Überfüllte Boote und viel Leid begegnen Mattes Szodrak (oben links) und anderen Helfern der „Sea-Watch“ bei ihren Einsätzen im Mittelmeer. Foto: Fabian Melber/Sea-Watch

Einmal im Jahr tauscht Mattes Szodrak sein Wohlfühlleben gegen die harte Realität. Wenn er mit der Sea Watch rausfährt, begegnet ihm sehr viel Leid. Gefahren lauern auch auf ihn.

Stuttgart - Nein, seine Freundin darf nicht mit, wenn er zur Flüchtlingsrettung mit dem Seenotrettungskreuzer „Sea-Watch“ ausrückt. „Ich will es nicht, weil ich Angst um sie hätte“, sagt Mattes Szodrak und schüttelt den Kopf. Das Klima auf See habe sich seit dem vergangenen Jahr verändert, die libyschen Milizen feuerten hin und wieder Schüsse auf die Schiffe der Helfer ab. Auch die „Sea-Watch“ war schon in Gefahr gewesen. Einem Freund hätten die Libyer mit ihrem Schiff den Weg abgeschnitten, es wäre fast zur Kollision gekommen. Szodrak fährt trotzdem raus: „Weil ich ein 1,82 Meter großer Kerl bin, der sich wehren kann.“

Ob er denn Nerven wie Drahtseile habe? Das glaube er schon, sagt der Johanniter-Rettungssanitäter, der alltags in Zuffenhausen seine Einsätze fährt. Aber er sei auch nah am Wasser gebaut. Das Elend, das er erlebt, geht ihm nah. Und nicht nur das. „Gerüche sind ganz schlimm!“ Kurz verfinstert sich seine Miene – ein eher ungewöhnlicher Zustand bei dem sonst meist strahlenden 34-Jährigen. In den zwei Wochen, in denen er durchs Mittelmeer kreuzt und Flüchtlinge rettet, hält er oft die Luft an. In den Schlauchbooten sei eine Mischung aus Benzin, Salzwasser, Benzin, Erbrochenem, Urin, Kot und Blut. „Und da sitzen die Menschen drin. Wenn sie dann offene Wunden am Fuß haben, infiziert sich das natürlich.“

Statement gegen Flüchtlingspolitik der EU

Schon seit 2015 verbringt der Rettungssanitäter seine Jahresurlaube auf dem Schiff. Als er vor gut zwei Jahren beschlossen hatte, sich zu engagieren, war klar: Es musste mit Flüchtlingspolitik zu tun haben – „weil ich die Politik der EU nicht leiden kann. Wir schotten uns komplett ab, obwohl wir mit schuld dran sind, dass Menschen flüchten.“ Daneben bewegt ihn auch ein Leitspruch seines Arbeitgebers: „Aus Liebe zum Leben“. Der passe hier doch auch perfekt, sagt der Mann, der nach Astrid Lindgrens Räuberhauptmann benannt wurde, und lächelt.

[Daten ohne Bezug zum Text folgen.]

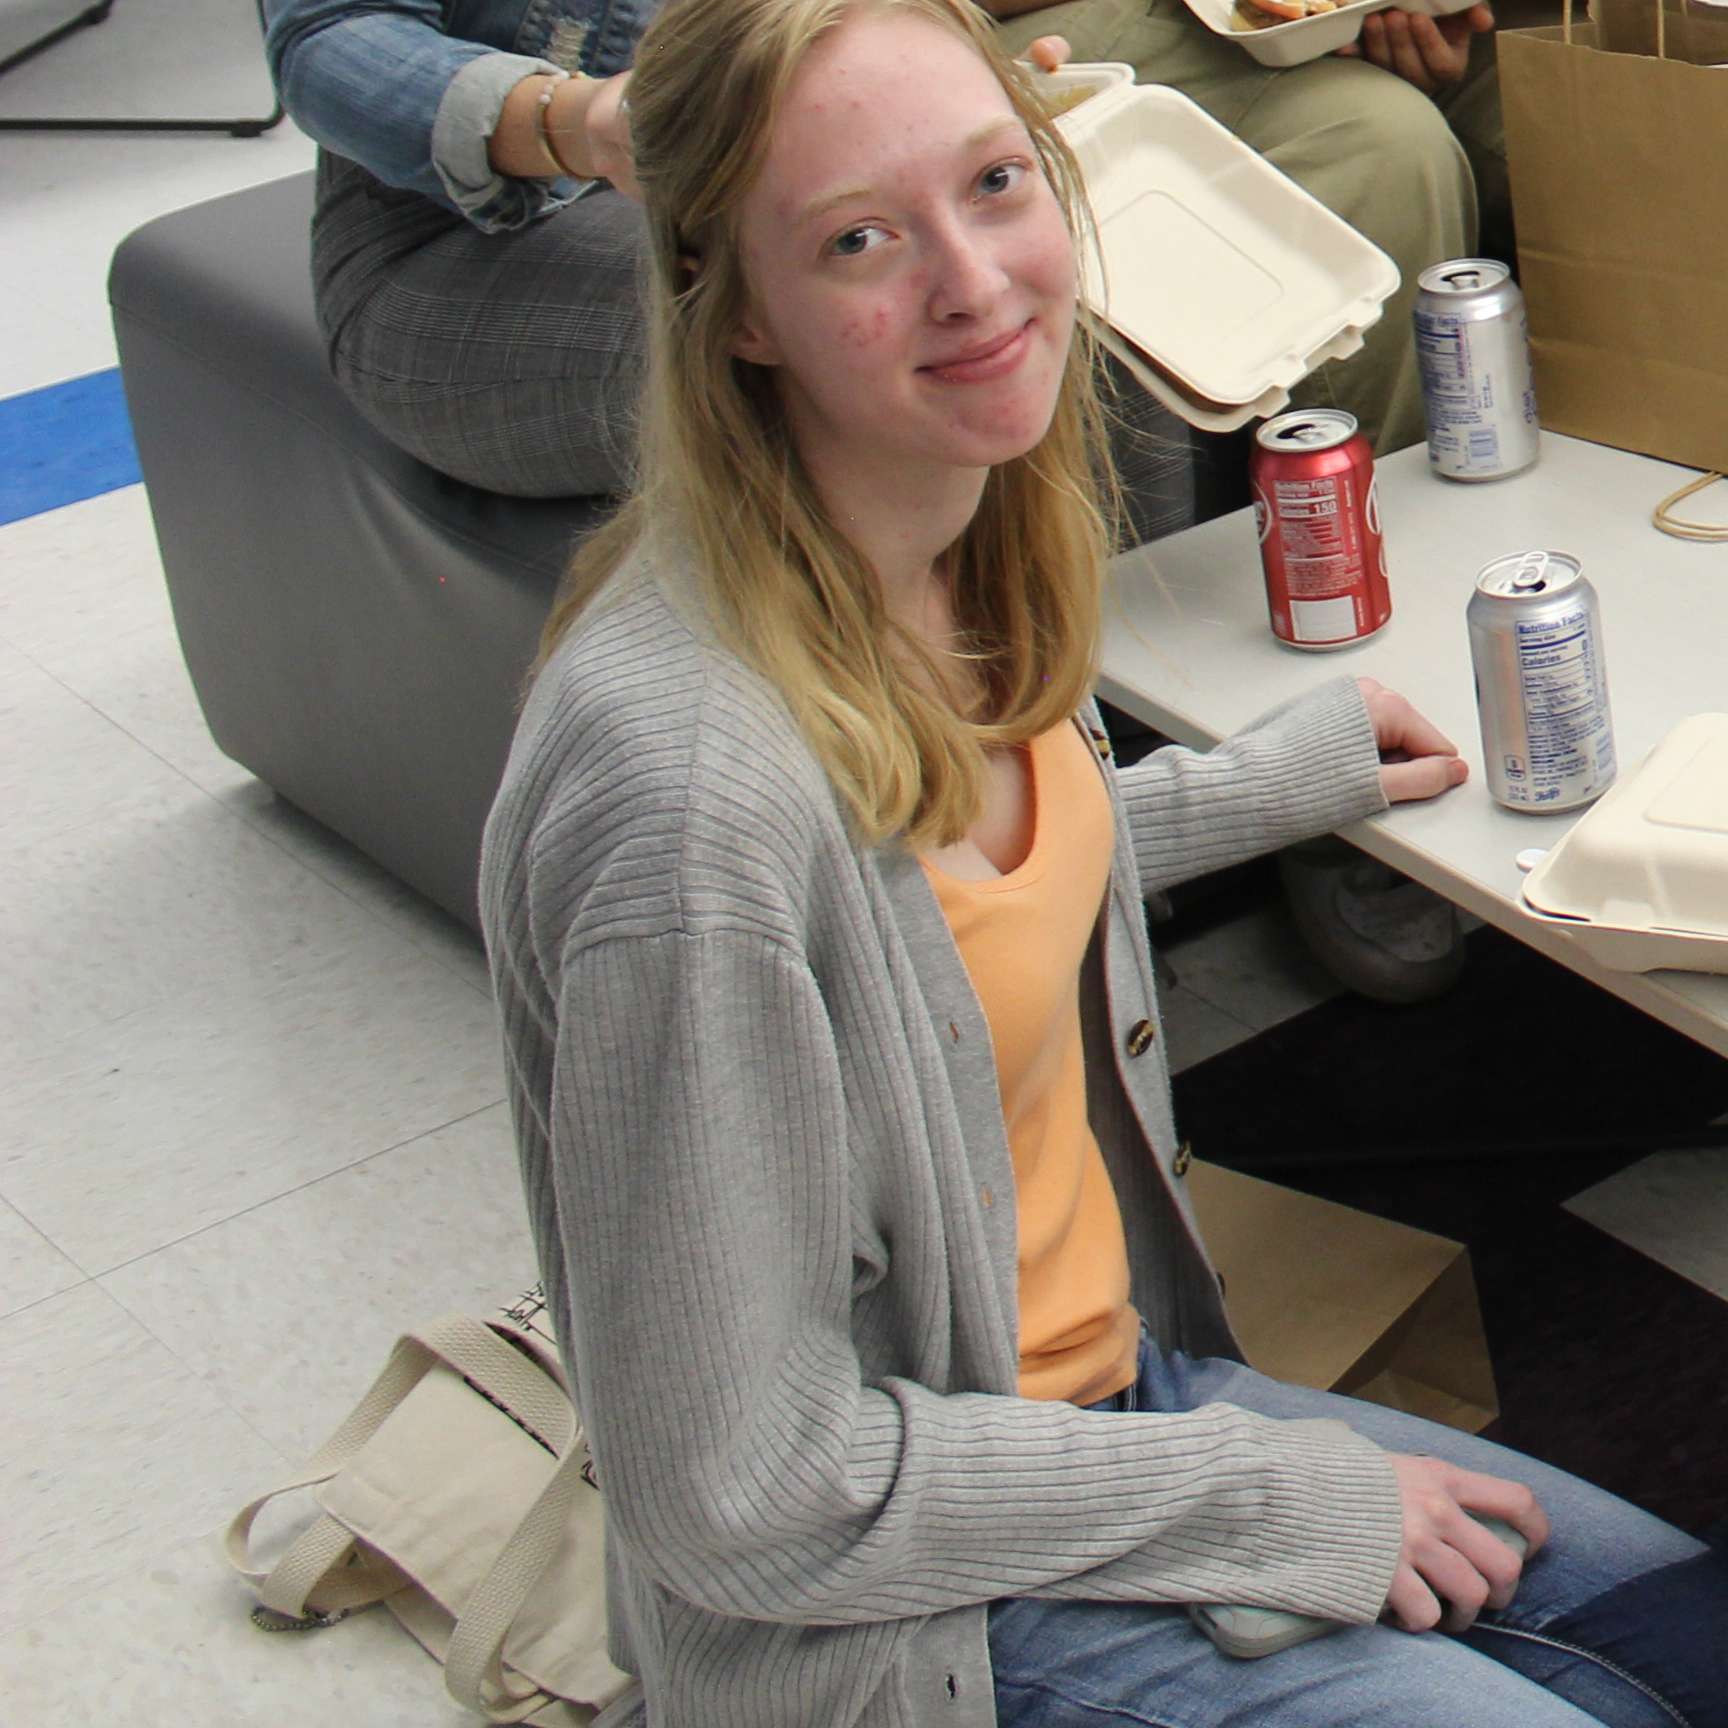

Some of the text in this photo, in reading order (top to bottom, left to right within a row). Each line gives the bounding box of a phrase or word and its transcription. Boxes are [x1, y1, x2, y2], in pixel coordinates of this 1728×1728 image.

[1313, 500, 1338, 514] 150
[1518, 621, 1561, 634] Nutrition
[1521, 655, 1561, 667] Calories

Auf der „Sea-Watch 2“ – dem zweiten Boot der Rettungsflotte – fahren sie mit neun bis zwölf Mann Besatzung raus. Einen Tag dauert die Fahrt von Tripolis ins Einsatzgebiet im Mittelmeer, 24 Seemeilen vor der Küste. Die Rückfahrt benötigt ebenfalls einen Tag. Dazwischen fahren sie das Gebiet ab, das etwa so groß ist wie das Saarland. Manchmal treffen sie auf Flüchtende in Not, manchmal werden sie von der Seenotrettungsleitstelle MRCC in Rom zu einem Einsatzort geschickt.

2016 an Rettung von 6600 Flüchtenden beteiligt

Wenn das Meer ruhig ist, wird es für die Helfercrew oft turbulent. Beim letzten Einsatz 2016 hatten sie sieben Tage lang Flaute – und waren laut Szodrak zum Schluss an der Rettung von 6600 Menschen beteiligt. Mal spielt er den Kindergärtner und unterhält junge Flüchtlinge, mal ist er Friseur und wäscht einem Flüchtenden die Haare, oft sind auch seine Kenntnisse als Sanitäter gefragt. „Ja, man ist alles“, so Szodrak.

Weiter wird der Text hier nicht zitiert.